━━━ Exercise input

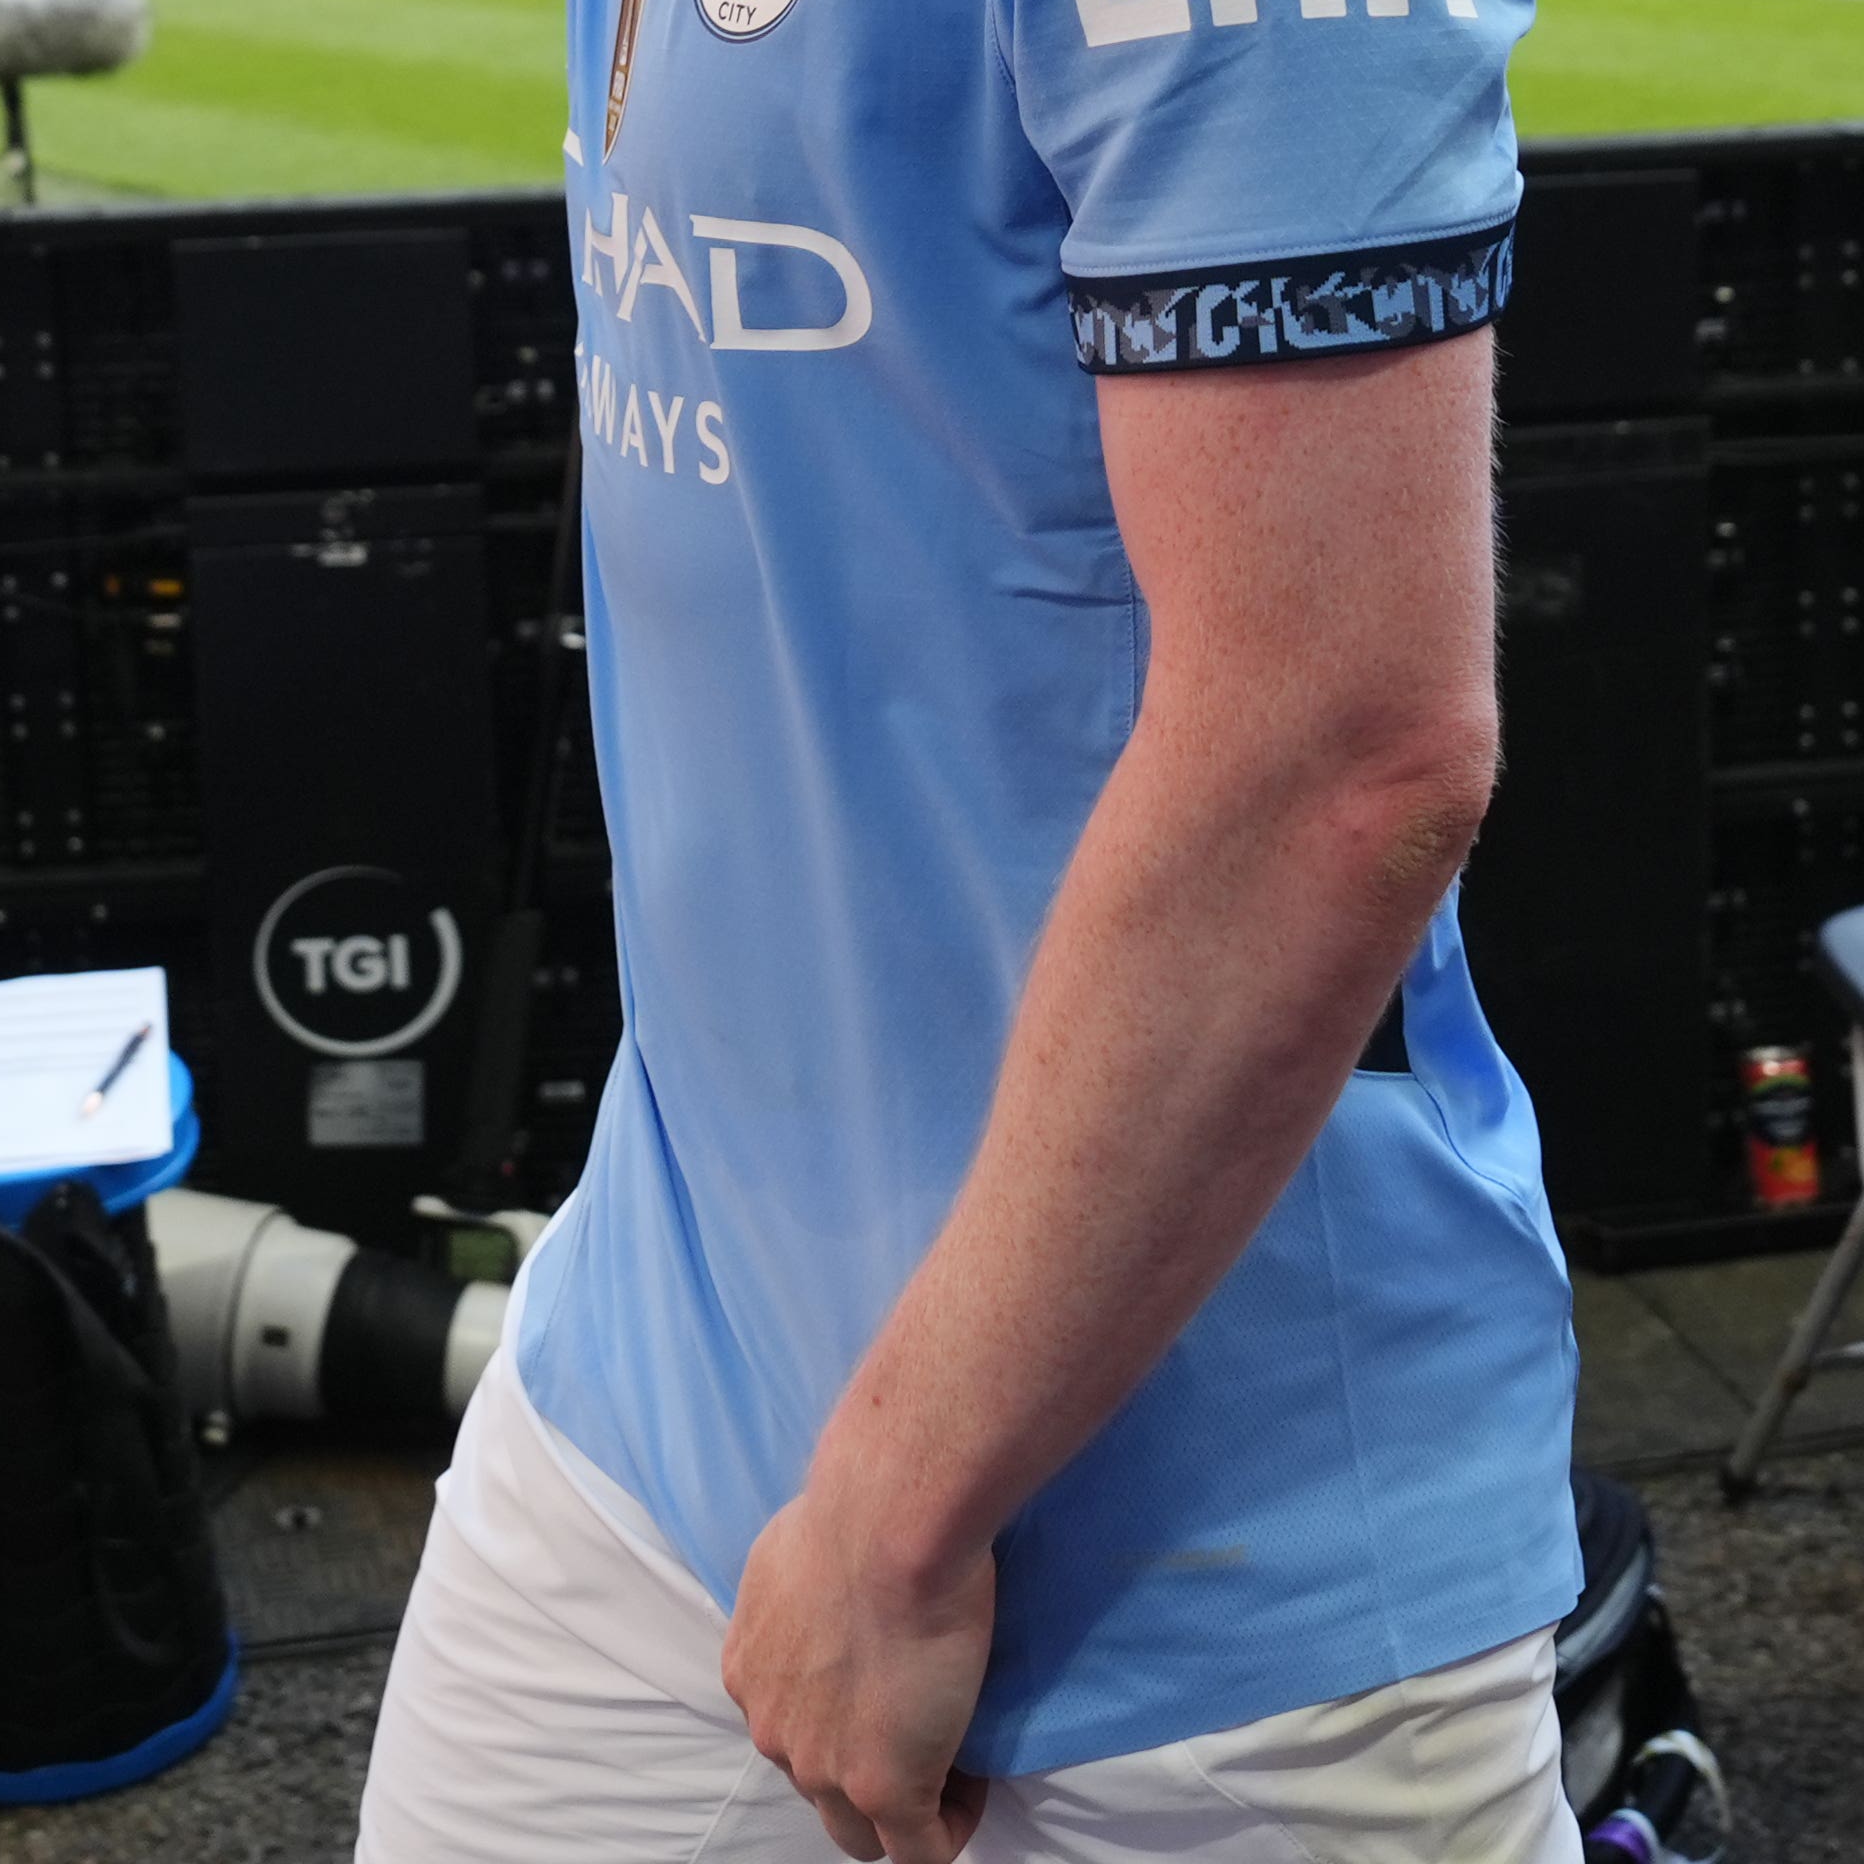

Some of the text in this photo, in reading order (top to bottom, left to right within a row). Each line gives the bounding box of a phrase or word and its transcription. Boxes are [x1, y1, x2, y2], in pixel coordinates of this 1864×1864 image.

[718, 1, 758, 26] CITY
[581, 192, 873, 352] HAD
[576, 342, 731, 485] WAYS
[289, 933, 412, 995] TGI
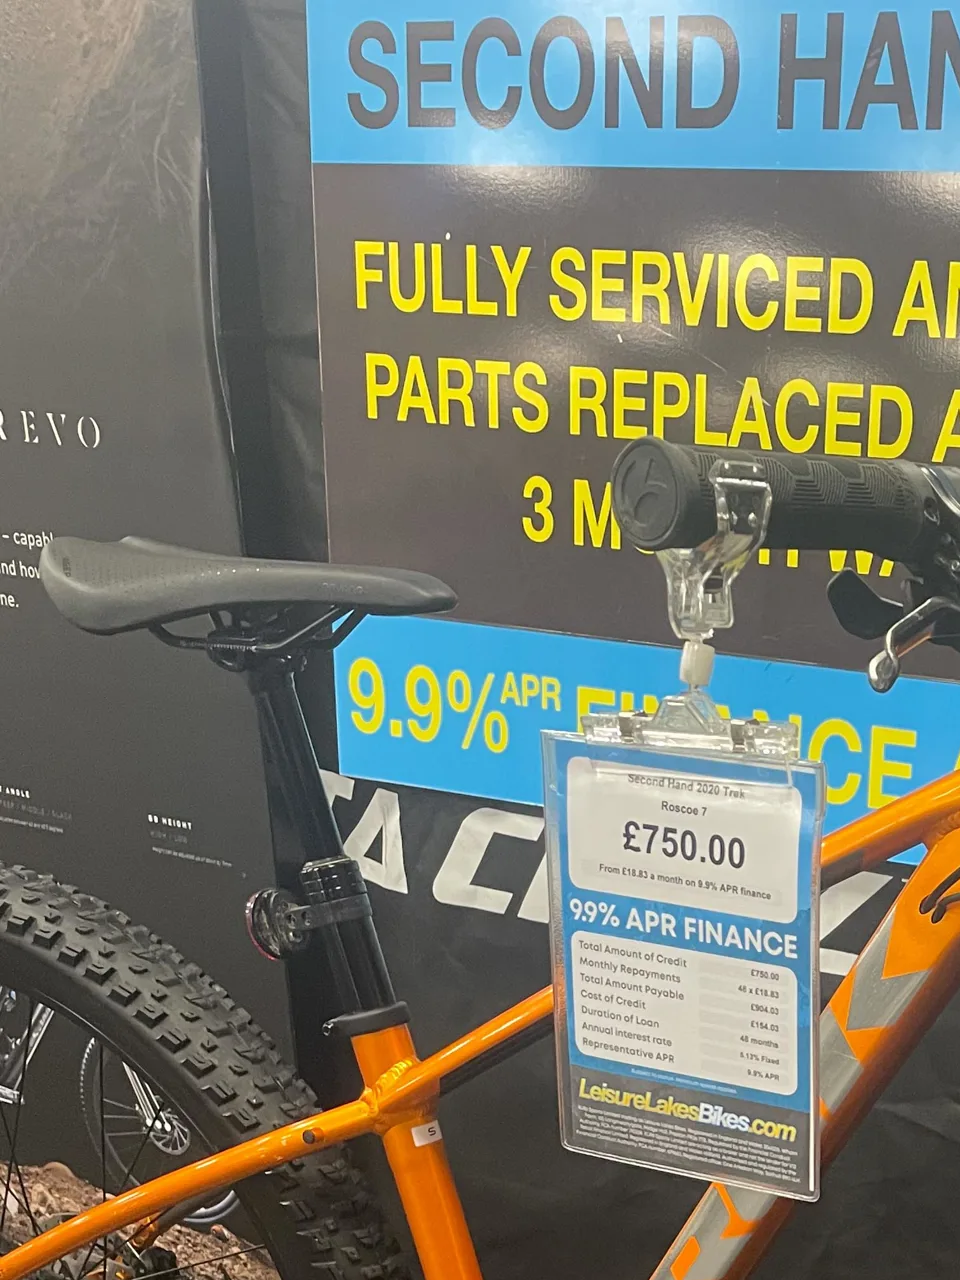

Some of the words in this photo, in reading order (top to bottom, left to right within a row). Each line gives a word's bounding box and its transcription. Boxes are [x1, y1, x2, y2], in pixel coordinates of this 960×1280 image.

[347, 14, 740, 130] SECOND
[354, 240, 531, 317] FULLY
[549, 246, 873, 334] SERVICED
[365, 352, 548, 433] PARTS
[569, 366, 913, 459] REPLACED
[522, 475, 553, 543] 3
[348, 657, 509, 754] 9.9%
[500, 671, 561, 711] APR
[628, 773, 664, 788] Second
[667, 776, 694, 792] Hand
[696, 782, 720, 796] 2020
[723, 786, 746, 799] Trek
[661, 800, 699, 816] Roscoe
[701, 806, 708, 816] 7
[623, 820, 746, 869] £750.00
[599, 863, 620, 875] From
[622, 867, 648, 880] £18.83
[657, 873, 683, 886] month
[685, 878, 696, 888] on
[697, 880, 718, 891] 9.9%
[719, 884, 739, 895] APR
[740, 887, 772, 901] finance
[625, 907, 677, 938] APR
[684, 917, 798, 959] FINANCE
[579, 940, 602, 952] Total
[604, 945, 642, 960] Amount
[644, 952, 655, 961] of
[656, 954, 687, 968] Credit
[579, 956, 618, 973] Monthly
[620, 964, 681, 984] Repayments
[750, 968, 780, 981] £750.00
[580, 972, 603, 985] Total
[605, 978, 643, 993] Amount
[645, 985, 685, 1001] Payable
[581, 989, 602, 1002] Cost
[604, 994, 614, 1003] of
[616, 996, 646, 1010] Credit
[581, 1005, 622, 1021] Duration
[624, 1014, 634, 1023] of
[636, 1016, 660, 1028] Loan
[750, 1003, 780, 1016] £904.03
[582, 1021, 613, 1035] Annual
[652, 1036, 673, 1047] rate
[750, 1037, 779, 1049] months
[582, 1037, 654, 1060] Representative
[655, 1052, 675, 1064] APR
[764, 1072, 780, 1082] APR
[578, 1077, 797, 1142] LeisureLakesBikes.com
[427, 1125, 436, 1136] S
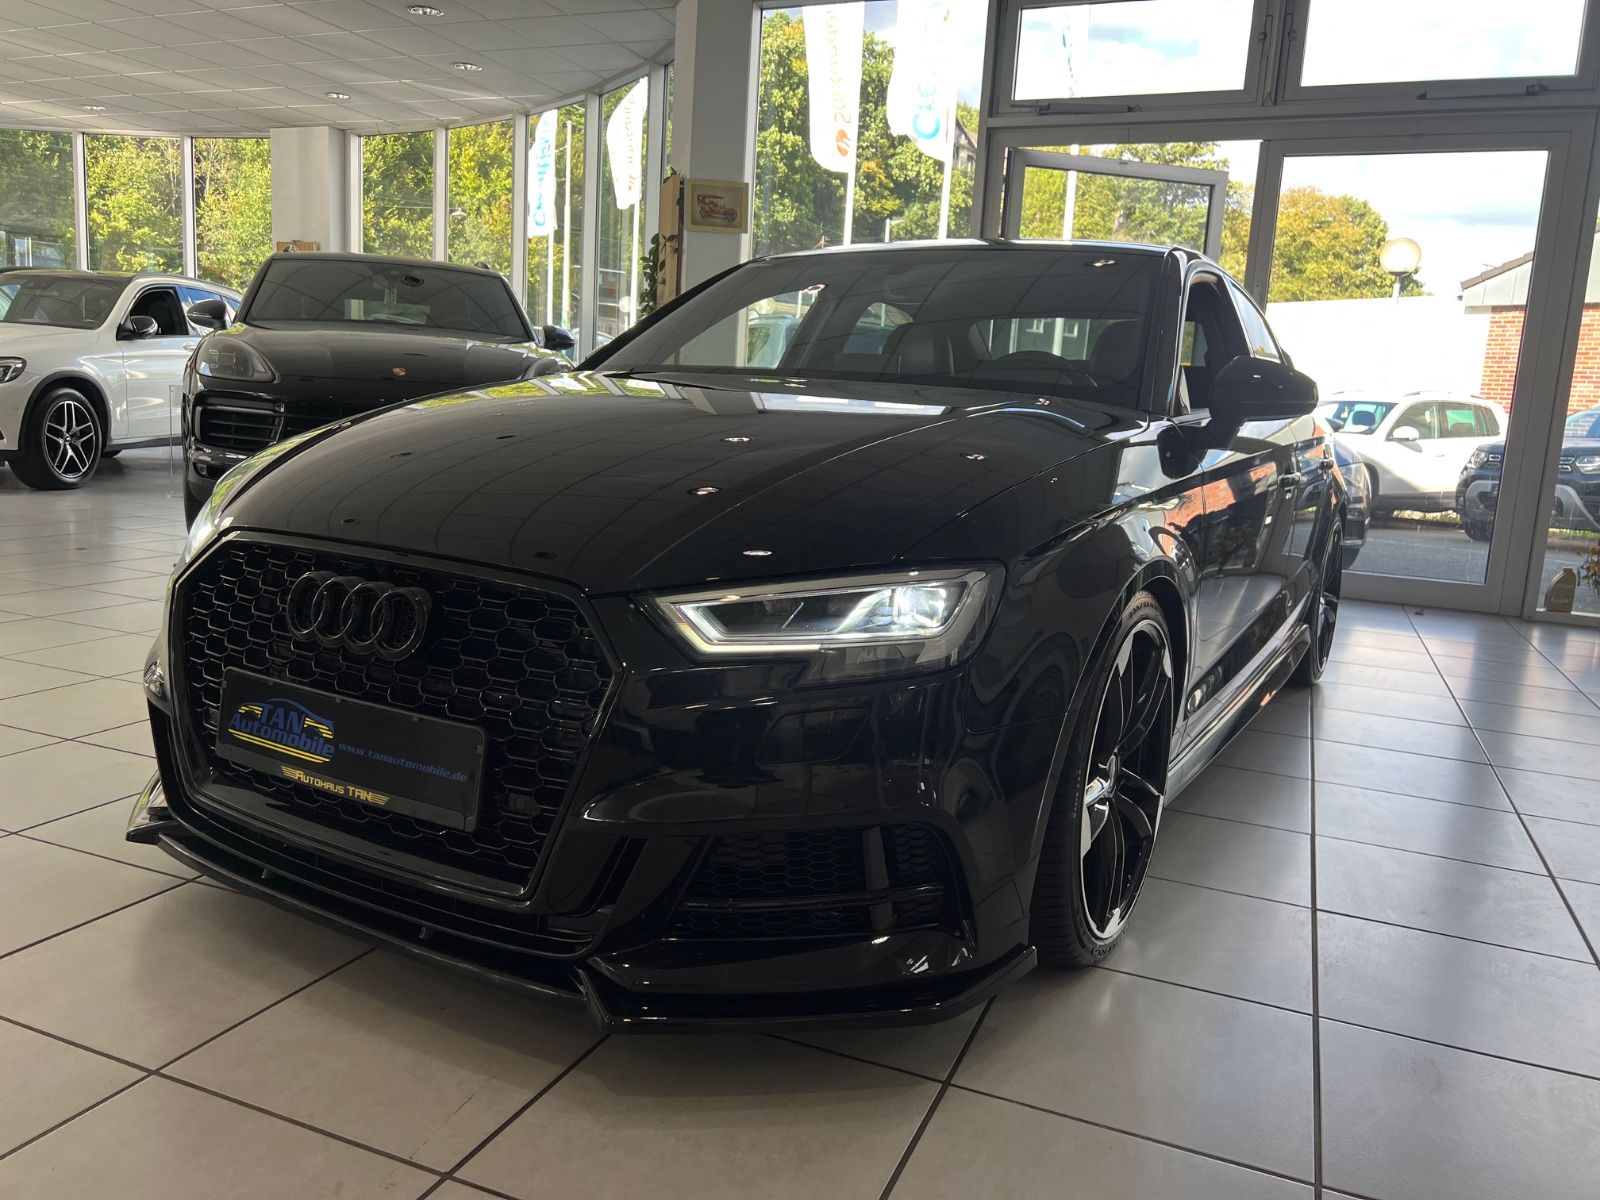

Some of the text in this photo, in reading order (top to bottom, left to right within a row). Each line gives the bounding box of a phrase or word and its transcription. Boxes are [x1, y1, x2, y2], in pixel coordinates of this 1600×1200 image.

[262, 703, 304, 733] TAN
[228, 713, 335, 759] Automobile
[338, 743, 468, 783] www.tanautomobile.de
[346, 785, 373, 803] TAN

━━━━━━

#### Exercise:
Make an exact copy of every line from the one with "this 1600×1200 image." to the end of the data, with the first and last of those lines included.

#### Response:
Some of the text in this photo, in reading order (top to bottom, left to right within a row). Each line gives the bounding box of a phrase or word and its transcription. Boxes are [x1, y1, x2, y2], in pixel coordinates of this 1600×1200 image.

[262, 703, 304, 733] TAN
[228, 713, 335, 759] Automobile
[338, 743, 468, 783] www.tanautomobile.de
[346, 785, 373, 803] TAN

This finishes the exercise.